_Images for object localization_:
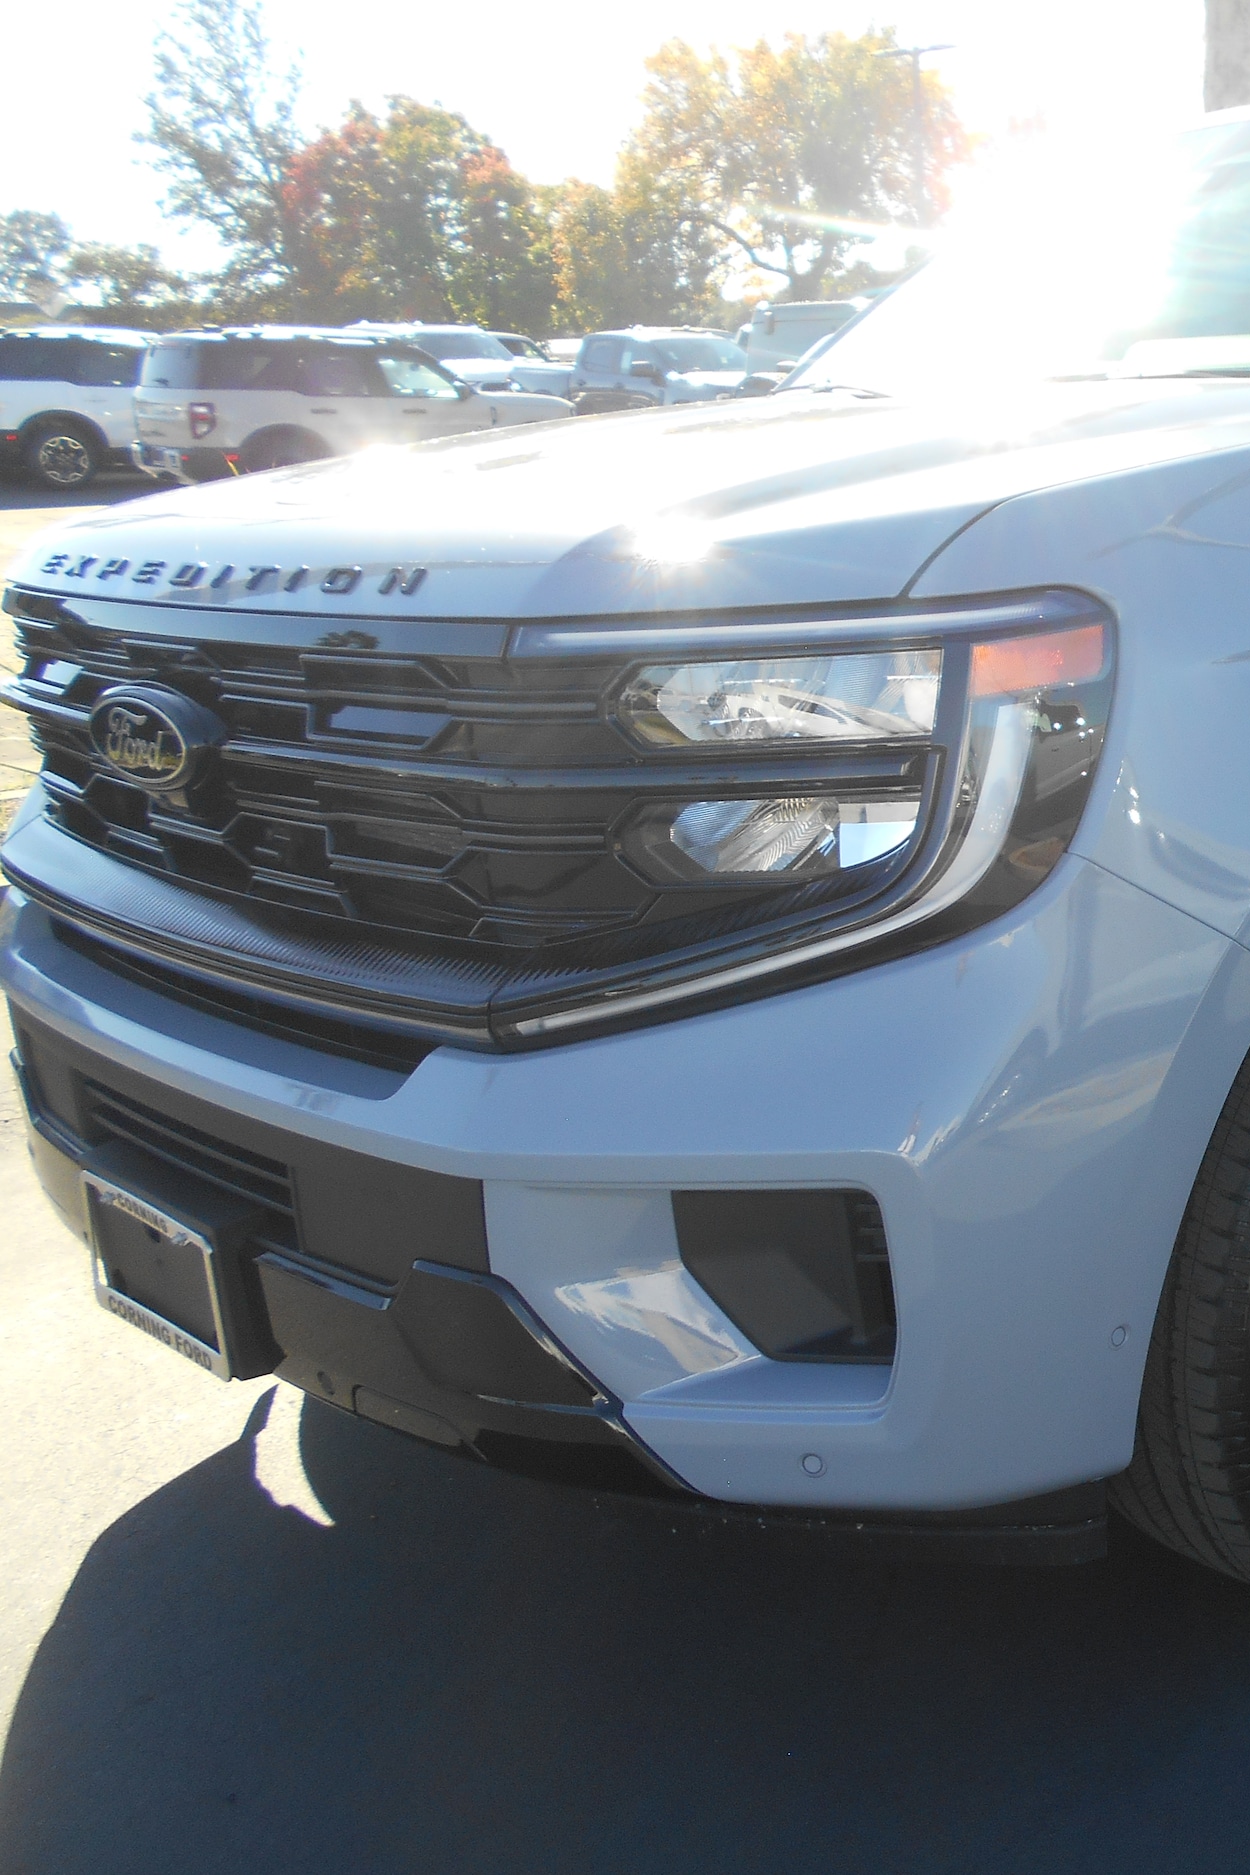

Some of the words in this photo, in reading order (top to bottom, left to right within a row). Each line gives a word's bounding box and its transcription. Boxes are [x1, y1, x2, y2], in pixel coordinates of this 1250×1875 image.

[41, 553, 429, 595] EXPEDITION
[106, 706, 165, 770] Ford
[108, 1295, 171, 1344] CORNING
[174, 1334, 213, 1371] FORD
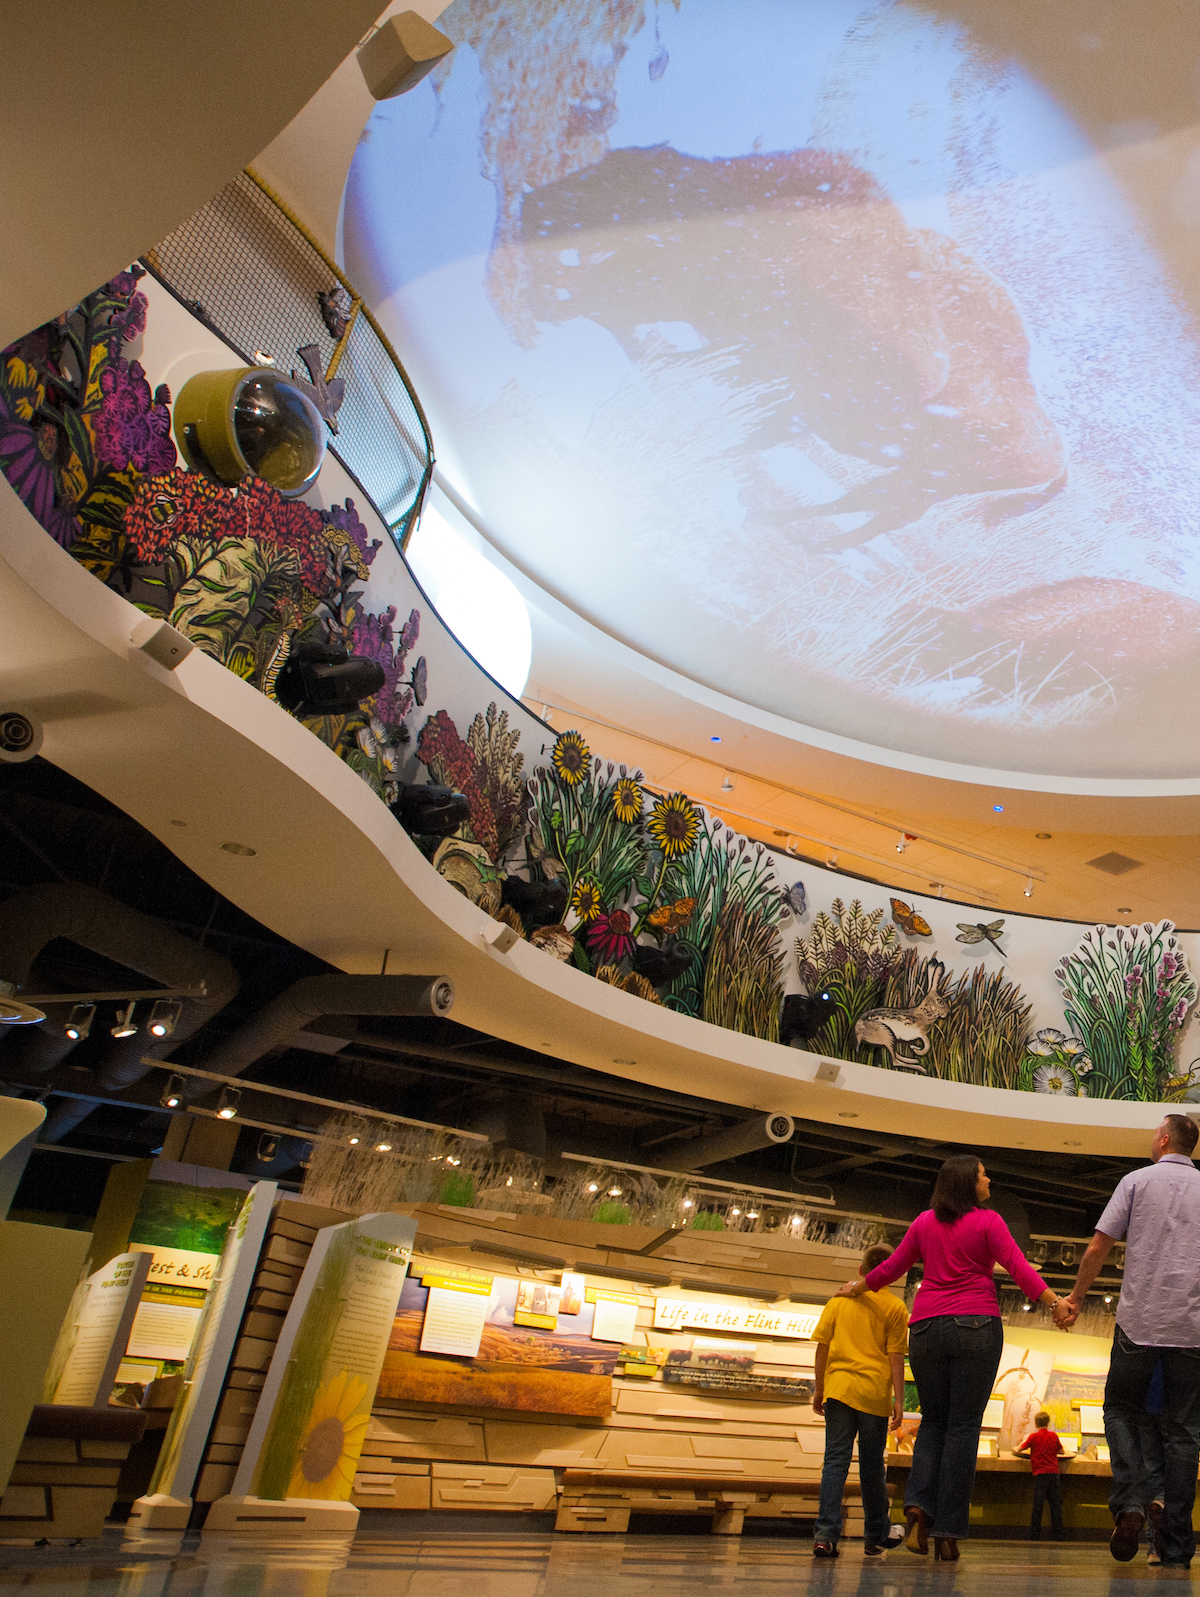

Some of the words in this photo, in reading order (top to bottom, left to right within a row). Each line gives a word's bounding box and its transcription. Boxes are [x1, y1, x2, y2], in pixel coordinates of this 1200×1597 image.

[177, 1263, 190, 1277] &
[414, 1264, 424, 1272] THE
[426, 1266, 451, 1275] PRAIRIE
[470, 1274, 492, 1283] PEOPLE
[660, 1305, 688, 1327] Life
[694, 1308, 709, 1323] in
[716, 1310, 739, 1326] the
[744, 1313, 782, 1330] Flint
[786, 1318, 815, 1333] Hill
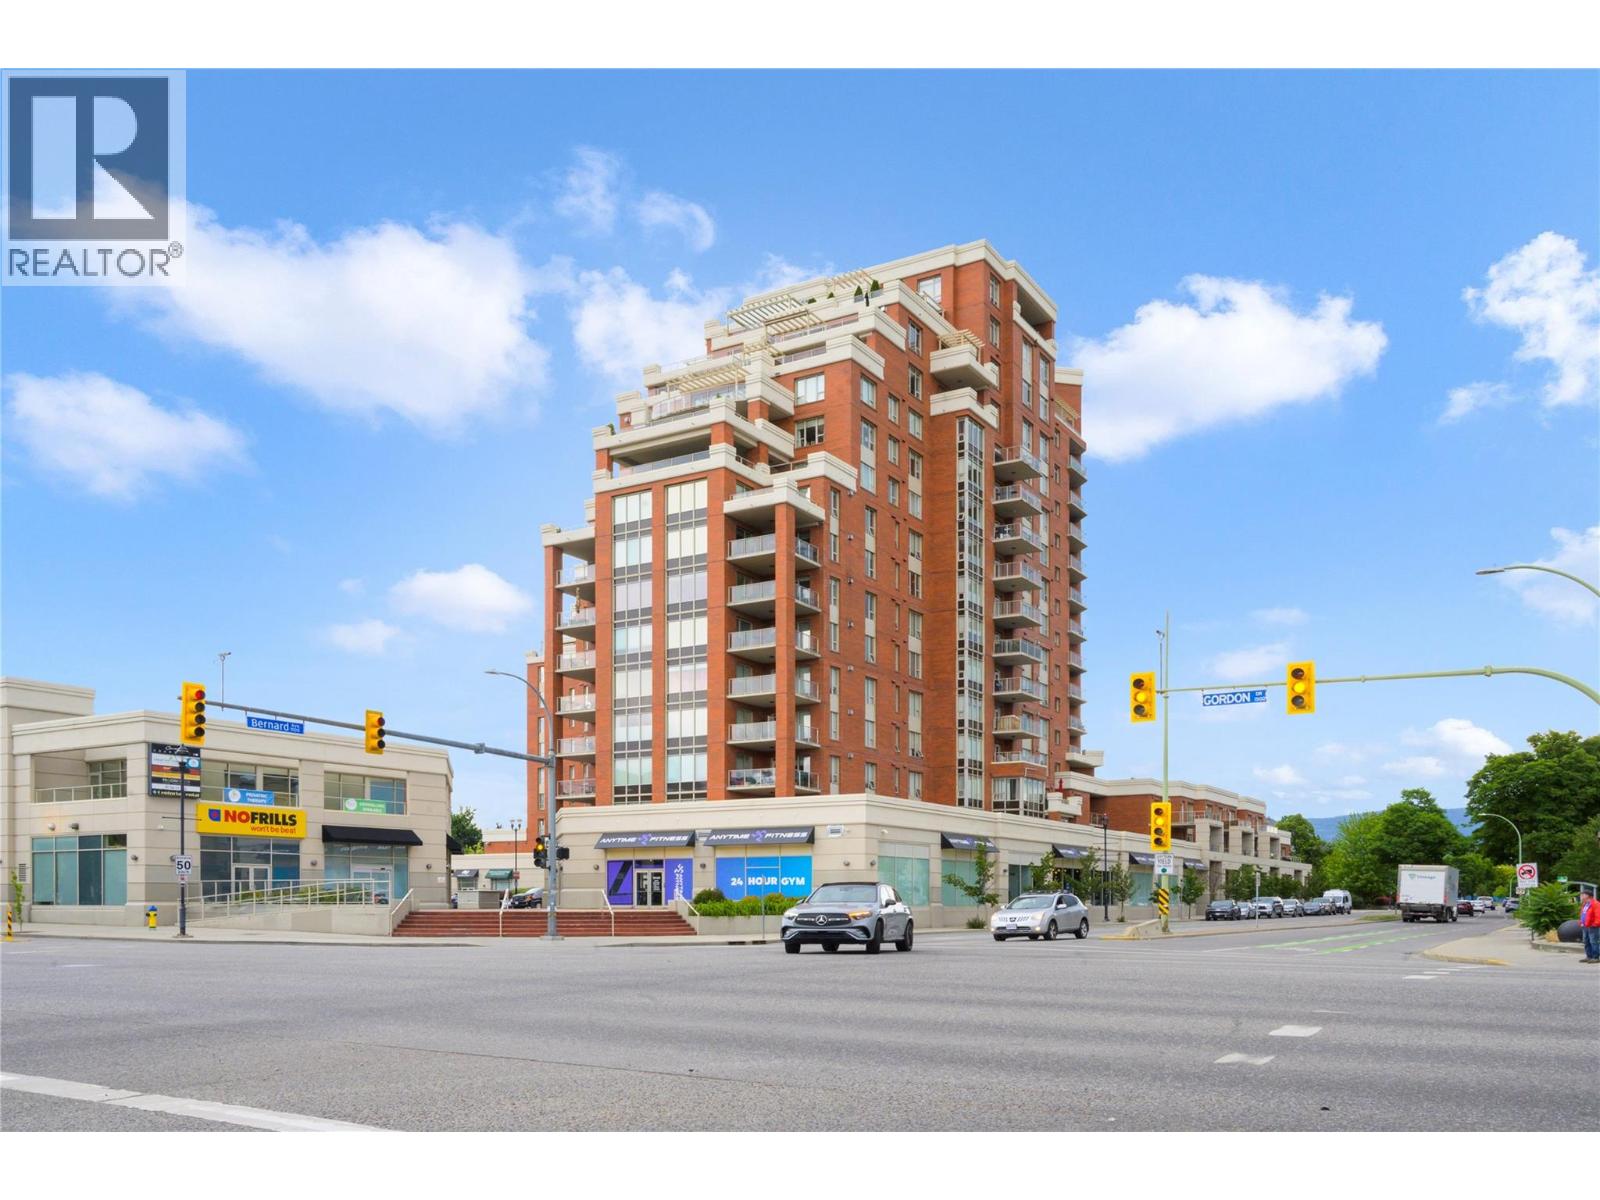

_Problem_: Retype each entry above character for character; pictures stay out.

_Written solution_:
Some of the words in this photo, in reading order (top to bottom, left to right within a row). Each line gives a word's bounding box and its transcription. Boxes are [x1, y1, x2, y2], in pixel coordinates of this 1250×1875 image.

[41, 553, 429, 595] EXPEDITION
[106, 706, 165, 770] Ford
[108, 1295, 171, 1344] CORNING
[174, 1334, 213, 1371] FORD

Some of the words in this photo, in reading order (top to bottom, left to right within a row). Each line gives a word's bounding box and its transcription. Boxes are [x1, y1, x2, y2], in pixel coordinates of this 1200×1597 image.

[177, 1263, 190, 1277] &
[414, 1264, 424, 1272] THE
[426, 1266, 451, 1275] PRAIRIE
[470, 1274, 492, 1283] PEOPLE
[660, 1305, 688, 1327] Life
[694, 1308, 709, 1323] in
[716, 1310, 739, 1326] the
[744, 1313, 782, 1330] Flint
[786, 1318, 815, 1333] Hill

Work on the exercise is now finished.